Economía

Subvenciones, duplicidades, ministerios...: ¿cuál es el gasto no prioritario que señala el Banco de España?

España sigue a la espera de una reforma de la Administración y de los procedimientos para diseñar las políticas de gasto público

Fachada del edificio del Banco de España en Madrid.
Fachada del edificio del Banco de España en Madrid. Eduardo Parra / Europa Press

España afronta una encrucijada económica con una delicada situación fiscal. La crisis del coronavirus ha puesto patas arriba cualquier previsión y Moncloa diseña ya subidas de impuestos para intentar financiar no sólo la respuesta a una pandemia cuyos efectos a medio plazo son inciertos, sino para seguir pagando el funcionamiento ordinario del Estado. 

El Banco de España llamaba esta semana a redefinir la política de gasto público, aparcando lo que no sea prioritario. Aunque dado el diseño estructural del Estado, España se encuentra con una serie de gastos fijos para mantener en funcionamiento una maquinaria con cuatro niveles administrativos con ineficiencias en las que la Airef (Autoridad Independiente de Responsabilidad Fiscal) lleva años poniendo la lupa. 

En 2012 se puso en marcha una Comisión para la Reforma de las Administraciones Públicas (CORA), que un año más tarde emitió un informe con más de doscientas medidas que permitieron dar algún paso hacia la racionalización del sector público.
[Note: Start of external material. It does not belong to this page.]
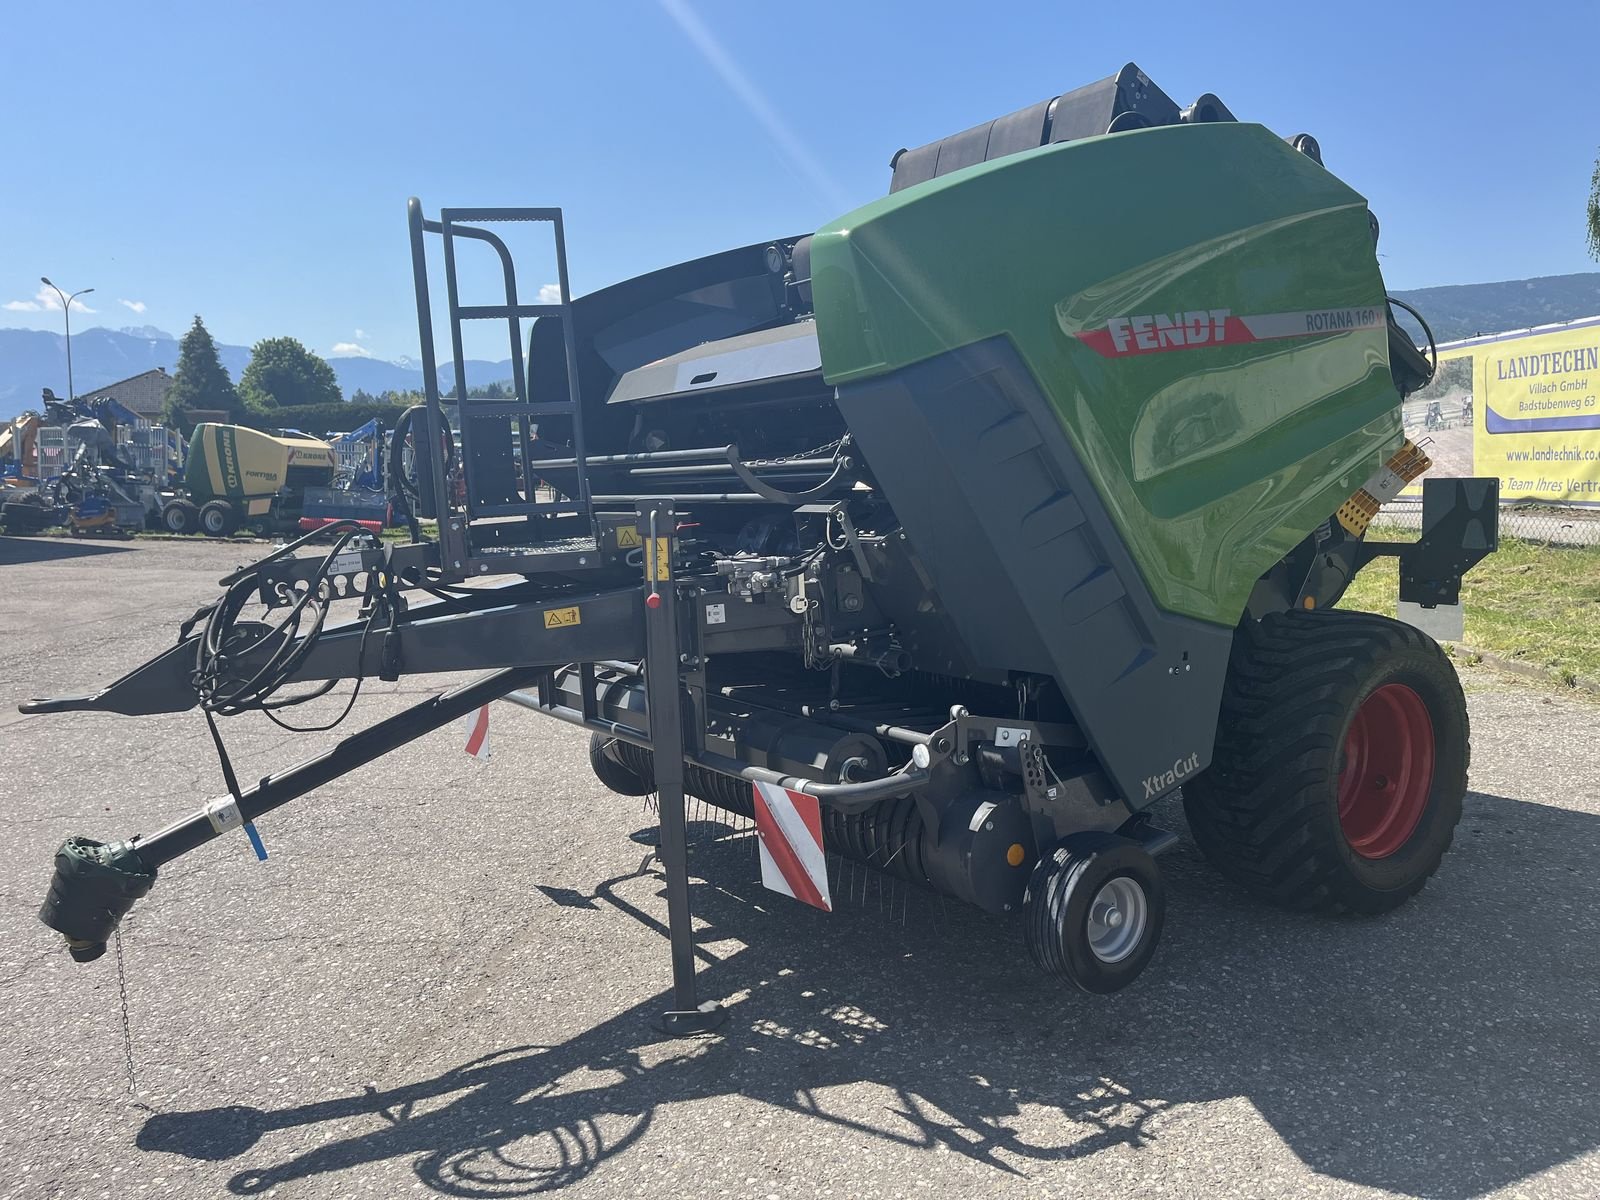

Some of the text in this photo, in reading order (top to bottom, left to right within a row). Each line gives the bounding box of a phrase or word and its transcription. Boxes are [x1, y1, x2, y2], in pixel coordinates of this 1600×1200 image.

Pero aún existen una serie de gastos donde se podrían redefinir estrategias para mejorar la eficacia del desembolso. En caso de reconducir las partidas, ¿hacia dónde habría que enfocarlas y qué habría que dejar de lado?

El Instituto de Estudios Económicos (IEE) cuestionaba en un reciente informe la eficacia del gasto público en España y, entre otras cosas, ponía el acento en la proliferación de organismos en el sector público empresarial que funcionan con un laxo control. Aunque fueron sometidos a revisión, siguen perviviendo centenares de ellos. También señalaba la falta de control en los procesos de contratación pública, a pesar de los cambios legislativos recientes o las estrategias de compra centralizada. 

"Se pueden quitar muchísimas subvenciones, que en muchos casos son de índole política; y se puede eliminar gasto en publicidad institucional", comenta a modo de ejemplo Emilio González, profesor de economía de Comillas-ICADE. "Estamos gastando en cosas que no se necesitan", dice en referencia a la forma en que se diseñan los presupuestos de los diferentes departamentos. "En lugar de hacerlo con las tendencias habituales y de forma 'incrementalista', necesitaríamos hacer un presupuesto controlado en base a las necesidades", añade. 

"No hay que gastar por gastar"

"No hay que gastar por gastar como hemos hecho en el pasado", dice Josep Lladós Masllorens, profesor de Economía en la Universitat Oberta de Catalunya (UOC). "Ahora hay que ir directamente a invertir en aquello que sabemos que nos va a hacer aumentar la productividad o bien a cohesionarnos mejor a nivel social", apostilla poniendo el acento sobre la digitalización o las denominadas energías limpias.

En materia de la Administración, los expertos cuestionan la gran cantidad de ministerios que existen en la actualidad, en un momento en el que ya existe una avanzada descentralización de competencias. "Debemos ver si debemos mantener tantos", opina Lladós, al tiempo que cree necesario revisar la eficiencia con la que se despliegan las competencias transferidas a Comunidades donde proliferaron los aeropuertos o campus universitarios por doquier. 

Los expertos apuntan también a unas plantillas en ciertos niveles de la Administración con abuso de la figura del personal laboral y con un incremento exponencial del número de funcionarios autonómicos tras décadas de transferencias de competencias desde la Administración central. El año pasado se alcanzó un récord de gasto en empleados públicos del conjunto de las administraciones, con un desembolso de 130.000 millones de euros.

Para Lladós sería necesario además avanzar en la cultura de rendición de cuentas por parte de los gestores públicos. "Aquí nos contentamos con poner un techo al límite de déficit público, pero sin exigir que se rinda cuentas sobre el uso de los impuestos y en qué se han gastado", opina. Y cree necesario que de cara al futuro se implante un sistema de análisis coste-beneficio previo a la decisión de las inversiones. "Posiblemente, más que ahorrarnos dinero, lo que vamos a hacer es cambiar las prioridades. Y eso permitirá ser más productivos. En lugar de pensar reducir gasto público -que también- haremos un sistema fiscal mucho más eficiente, con el que atajaremos el déficit sin elevar impuestos", concluye.